__Requirement__.
Where a record contains an image, leave the image out and print the rest exactly.

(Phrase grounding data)
※

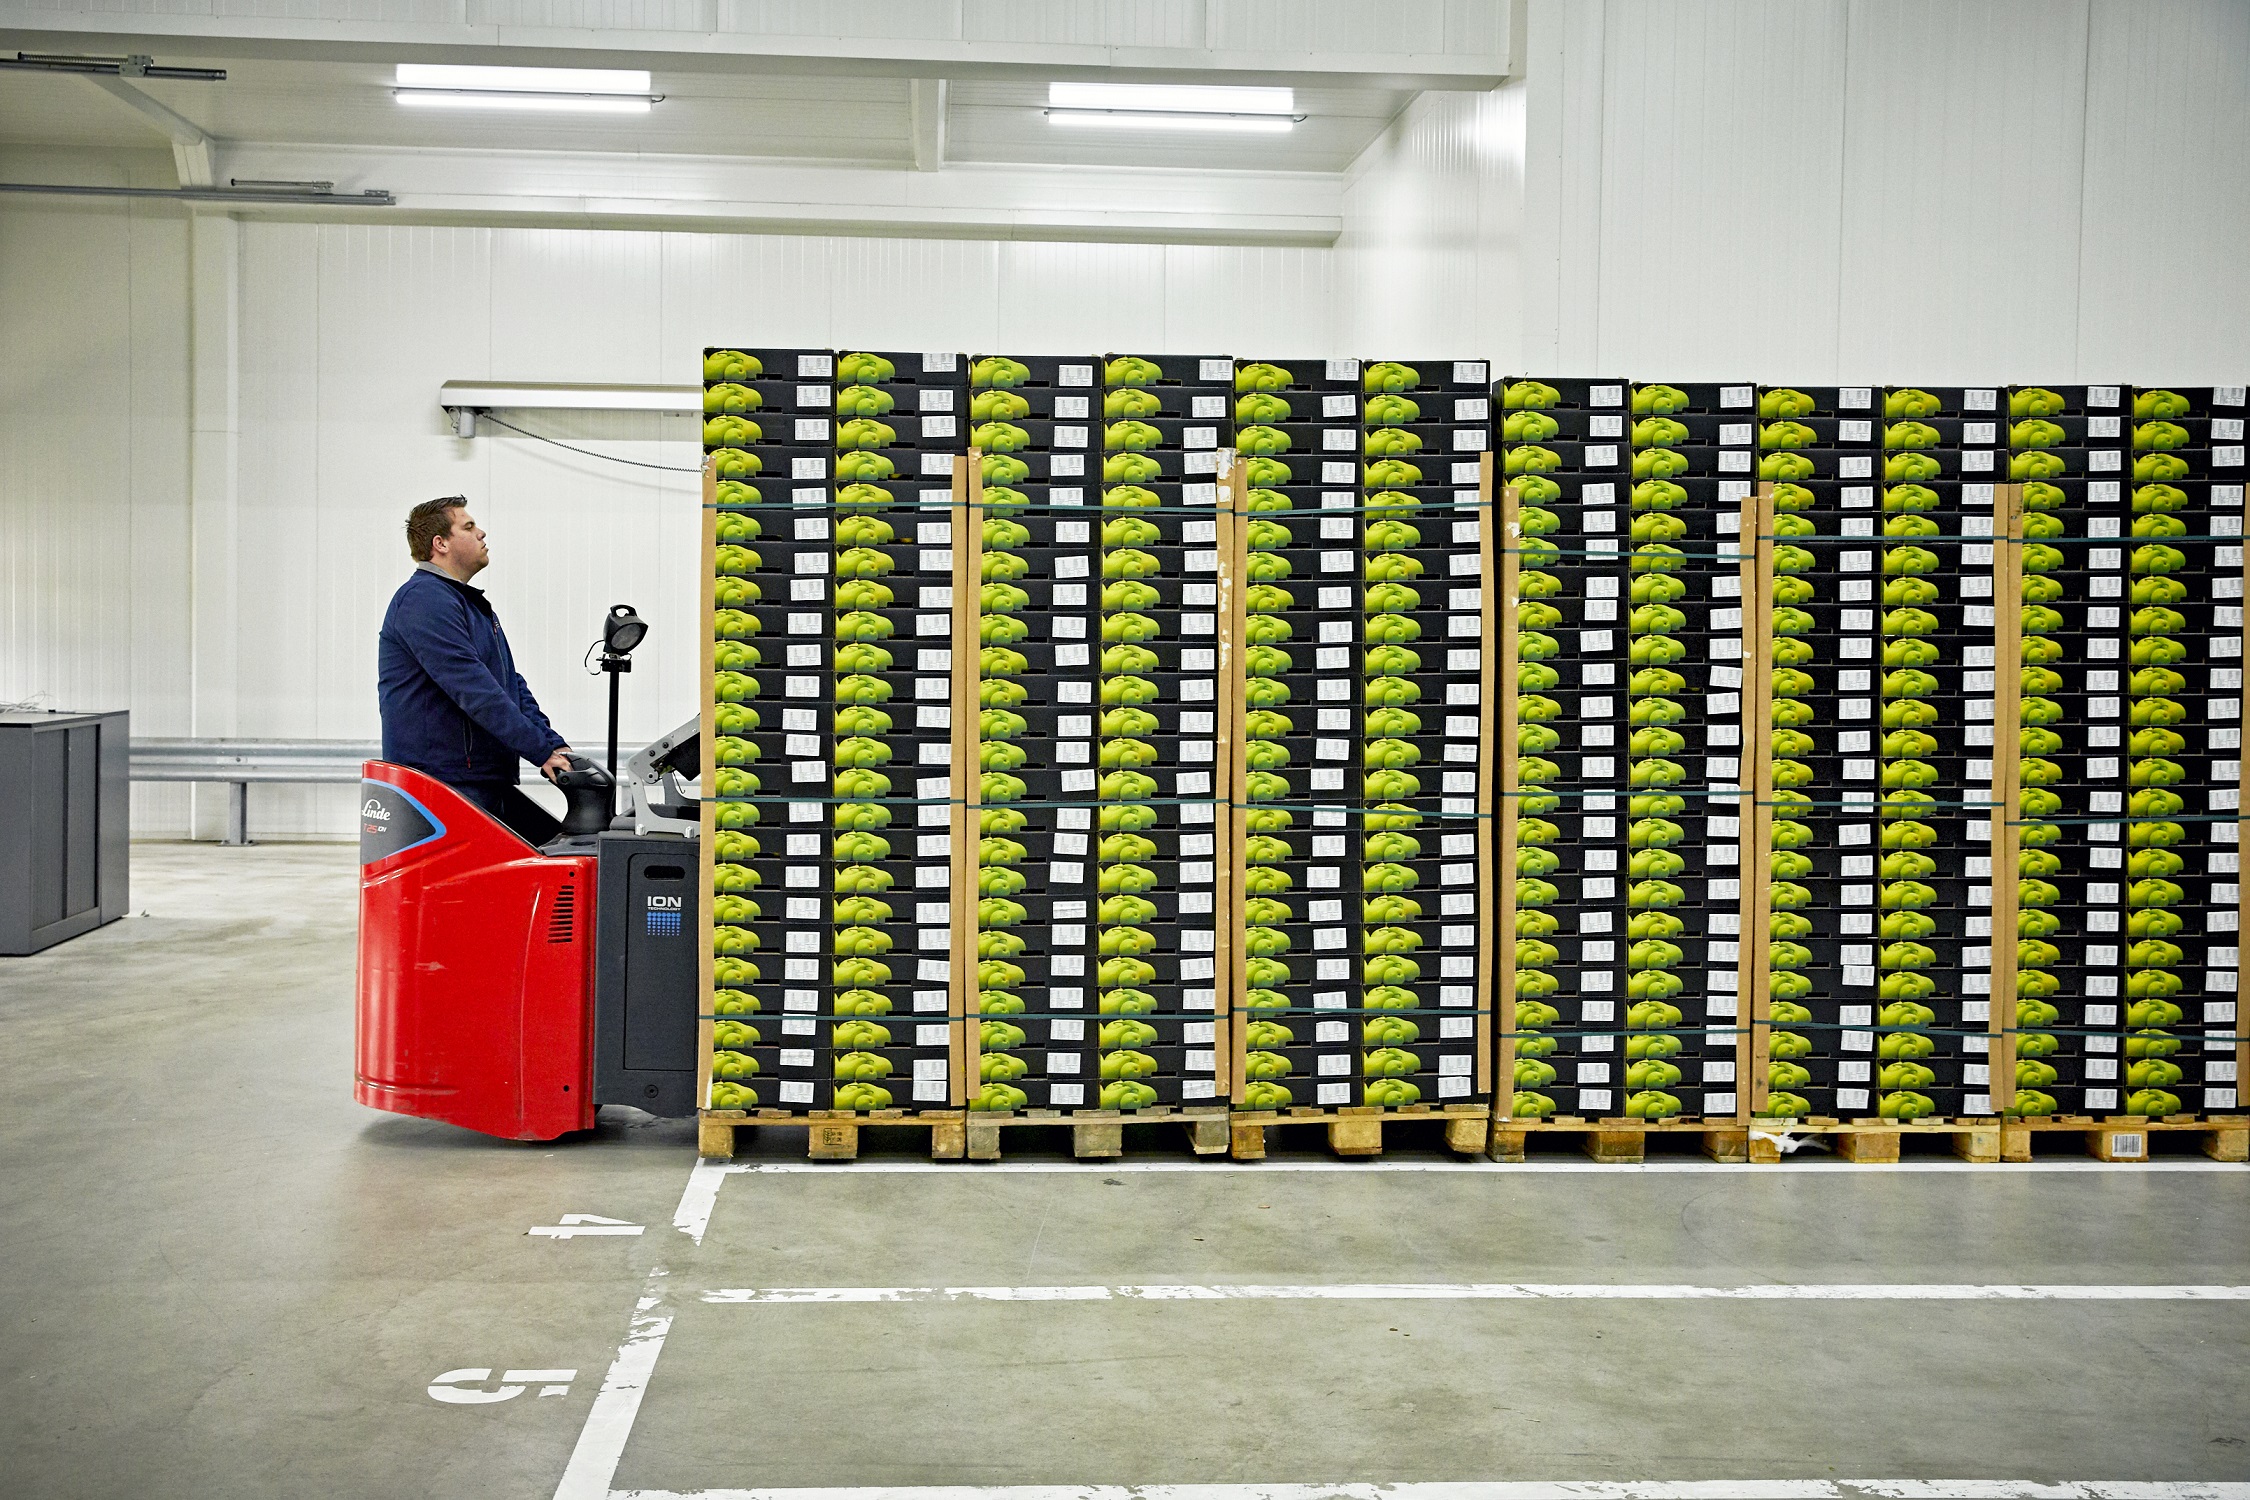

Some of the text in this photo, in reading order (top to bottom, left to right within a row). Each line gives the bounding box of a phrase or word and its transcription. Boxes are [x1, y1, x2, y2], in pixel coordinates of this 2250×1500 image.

[362, 799, 390, 820] Linde
[648, 896, 681, 907] ION
[527, 1213, 645, 1239] 4
[427, 1368, 578, 1404] 5

※

__Written solution__.
Some of the text in this photo, in reading order (top to bottom, left to right within a row). Each line gives the bounding box of a phrase or word and its transcription. Boxes are [x1, y1, x2, y2], in pixel coordinates of this 2250×1500 image.

[362, 799, 390, 820] Linde
[648, 896, 681, 907] ION
[527, 1213, 645, 1239] 4
[427, 1368, 578, 1404] 5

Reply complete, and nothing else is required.